DIRECTIONS FOR THIS TASK>
An exact copy of the entries, with every picture omitted, is what is needed here.

[Dataset entries]

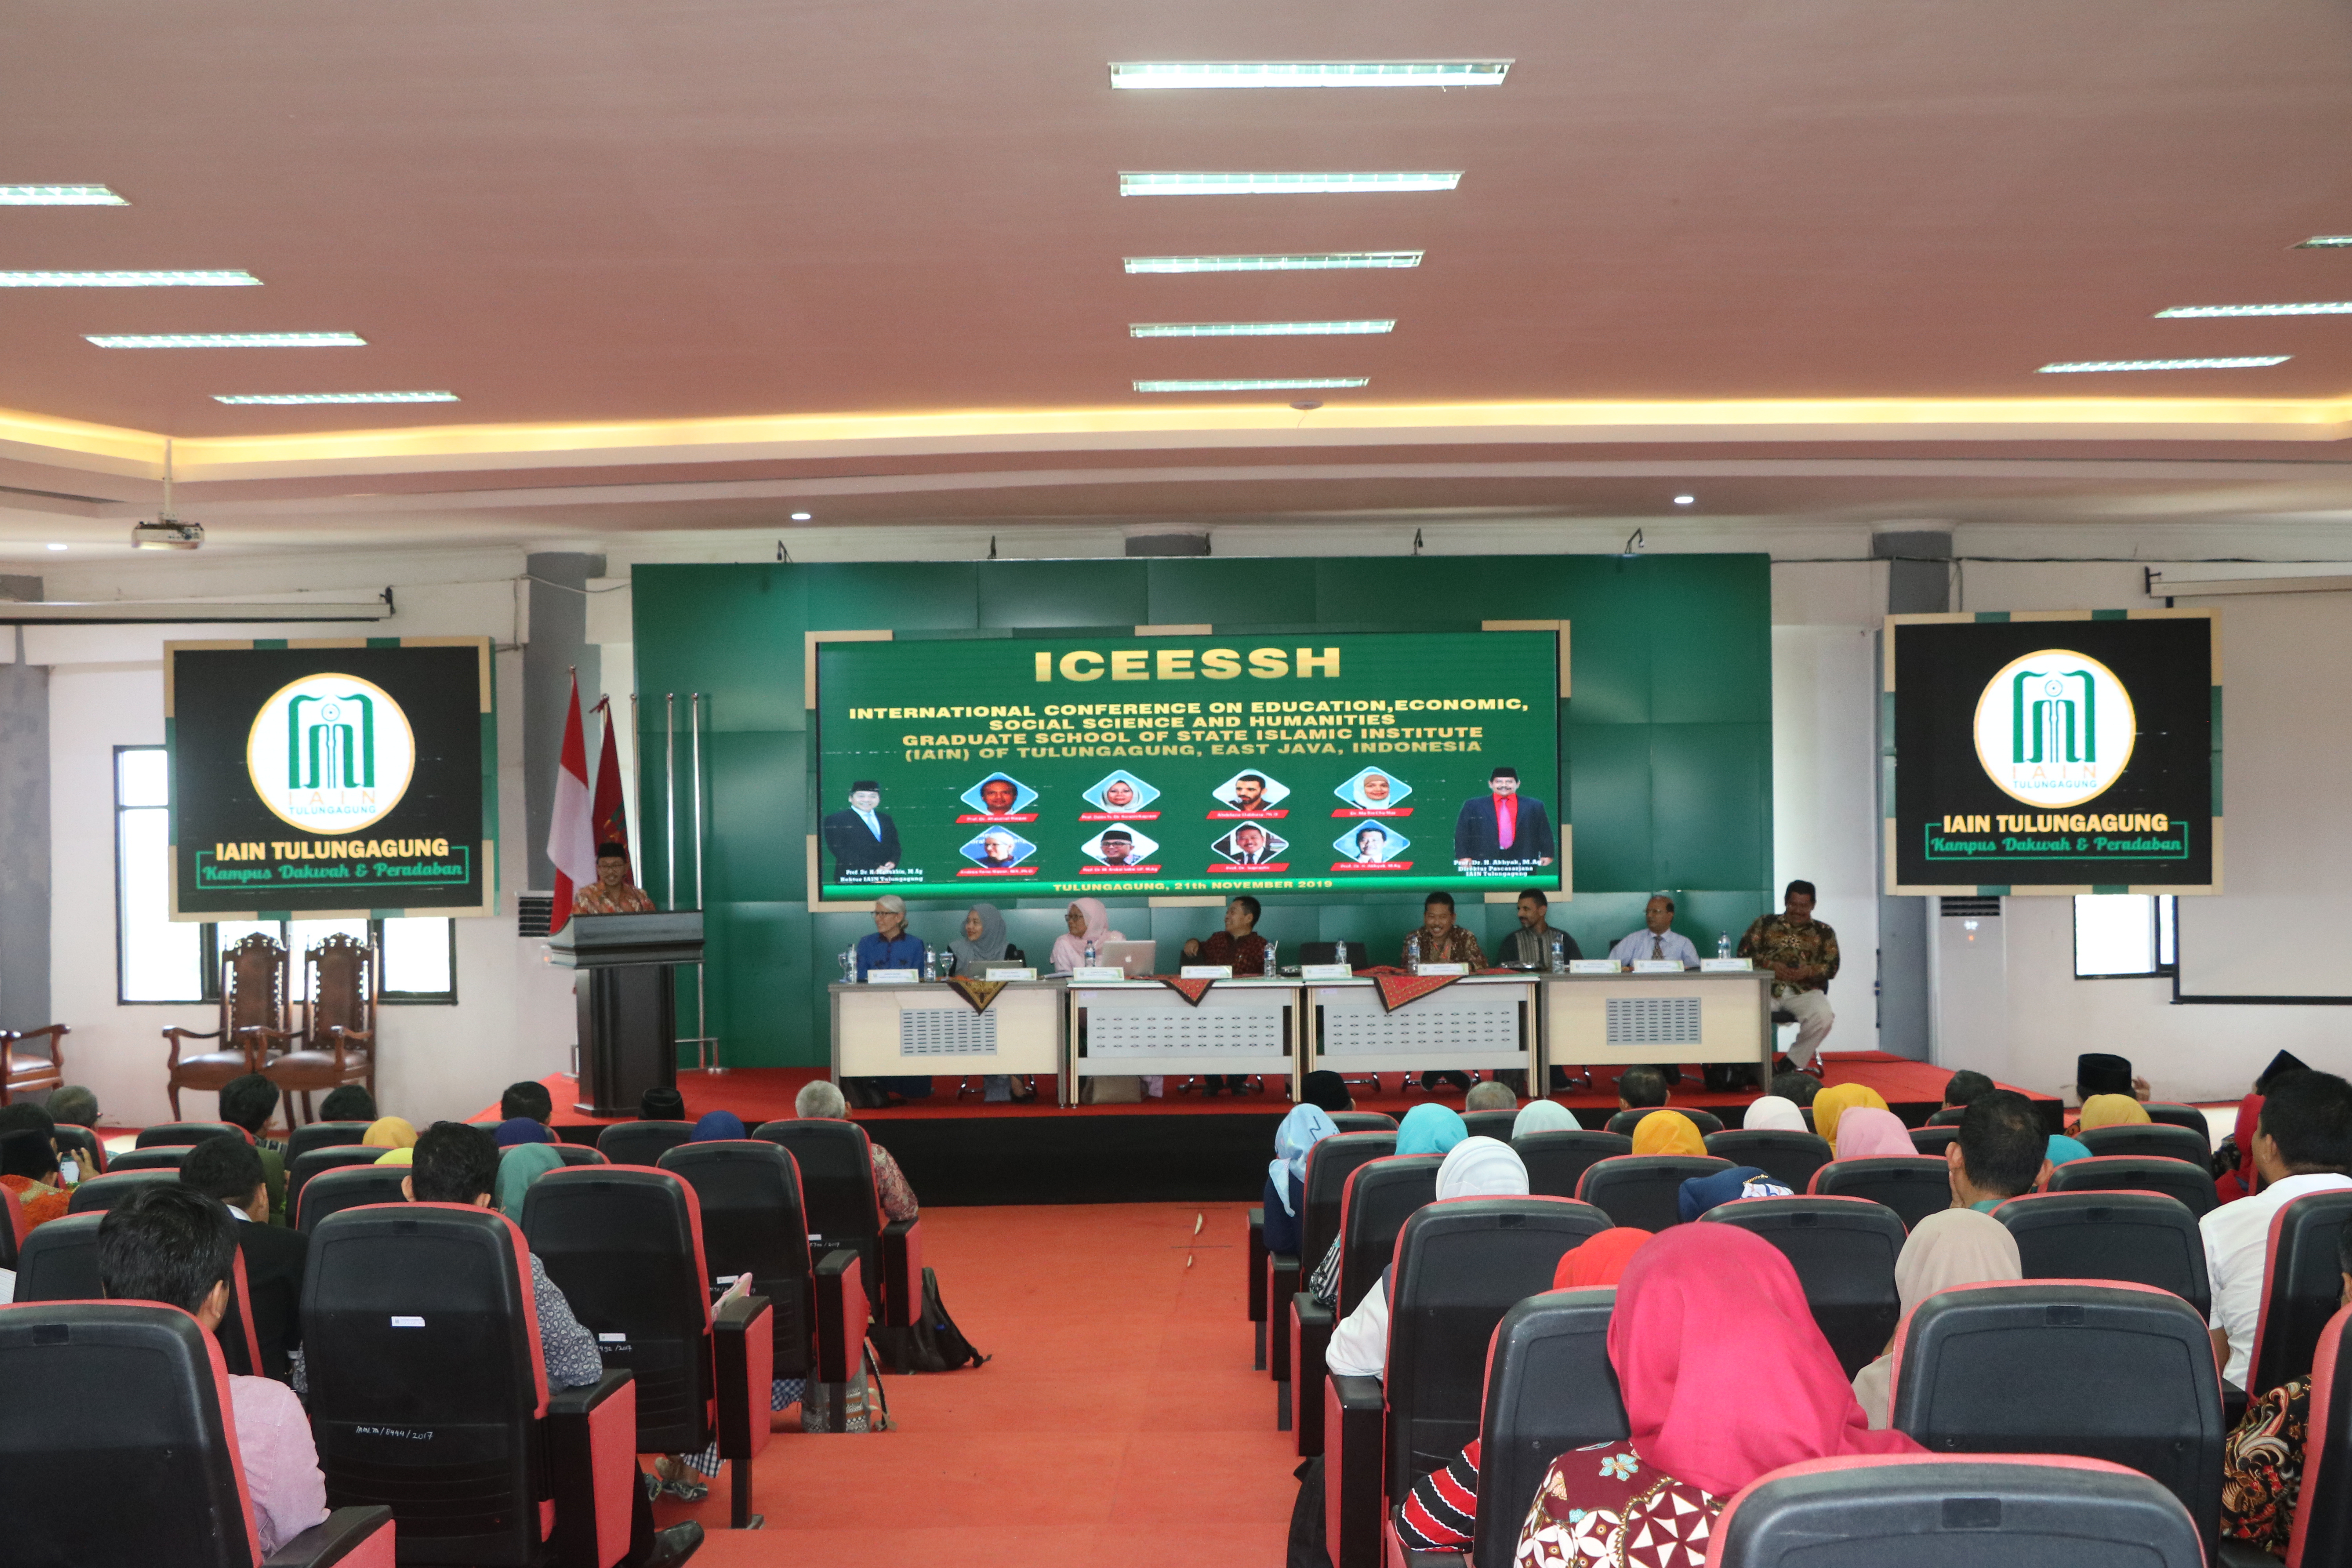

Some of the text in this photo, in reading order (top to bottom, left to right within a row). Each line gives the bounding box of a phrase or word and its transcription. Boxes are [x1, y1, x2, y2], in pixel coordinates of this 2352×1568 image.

[1035, 647, 1340, 682] ICEESSH
[849, 706, 1036, 719] INTERNATIONAL
[1044, 703, 1201, 716] CONFERENCE
[1209, 702, 1242, 713] ON
[989, 714, 1396, 731] SOCIAL SCIENCE AND HUMANITIES
[902, 727, 1483, 746] GRADUATE SCHOOL OF STATE ISLAMIC INSTITUTE
[905, 741, 1483, 762] (IAIN) OF TULUNGAGUNG, EAST JAVA, INDONESIA
[2013, 765, 2097, 779] IAIN
[2013, 780, 2097, 788] TULUNGAGUNG
[289, 790, 376, 805] IAIN
[289, 806, 376, 815] TULUNGAGUNG
[1943, 813, 2169, 833] IAIN TULUNGAGUNG
[216, 838, 450, 861] IAIN TULUNGAGUNG
[1931, 836, 2182, 855] Kampus Dakwah & Peradaban
[202, 862, 463, 883] Kampus Dakwah & Peradaban
[1053, 880, 1333, 891] TULUNGAGUNG, 21th NOVEMBER 2019

OUTPUT>
Some of the text in this photo, in reading order (top to bottom, left to right within a row). Each line gives the bounding box of a phrase or word and its transcription. Boxes are [x1, y1, x2, y2], in pixel coordinates of this 2352×1568 image.

[1035, 647, 1340, 682] ICEESSH
[849, 706, 1036, 719] INTERNATIONAL
[1044, 703, 1201, 716] CONFERENCE
[1209, 702, 1242, 713] ON
[989, 714, 1396, 731] SOCIAL SCIENCE AND HUMANITIES
[902, 727, 1483, 746] GRADUATE SCHOOL OF STATE ISLAMIC INSTITUTE
[905, 741, 1483, 762] (IAIN) OF TULUNGAGUNG, EAST JAVA, INDONESIA
[2013, 765, 2097, 779] IAIN
[2013, 780, 2097, 788] TULUNGAGUNG
[289, 790, 376, 805] IAIN
[289, 806, 376, 815] TULUNGAGUNG
[1943, 813, 2169, 833] IAIN TULUNGAGUNG
[216, 838, 450, 861] IAIN TULUNGAGUNG
[1931, 836, 2182, 855] Kampus Dakwah & Peradaban
[202, 862, 463, 883] Kampus Dakwah & Peradaban
[1053, 880, 1333, 891] TULUNGAGUNG, 21th NOVEMBER 2019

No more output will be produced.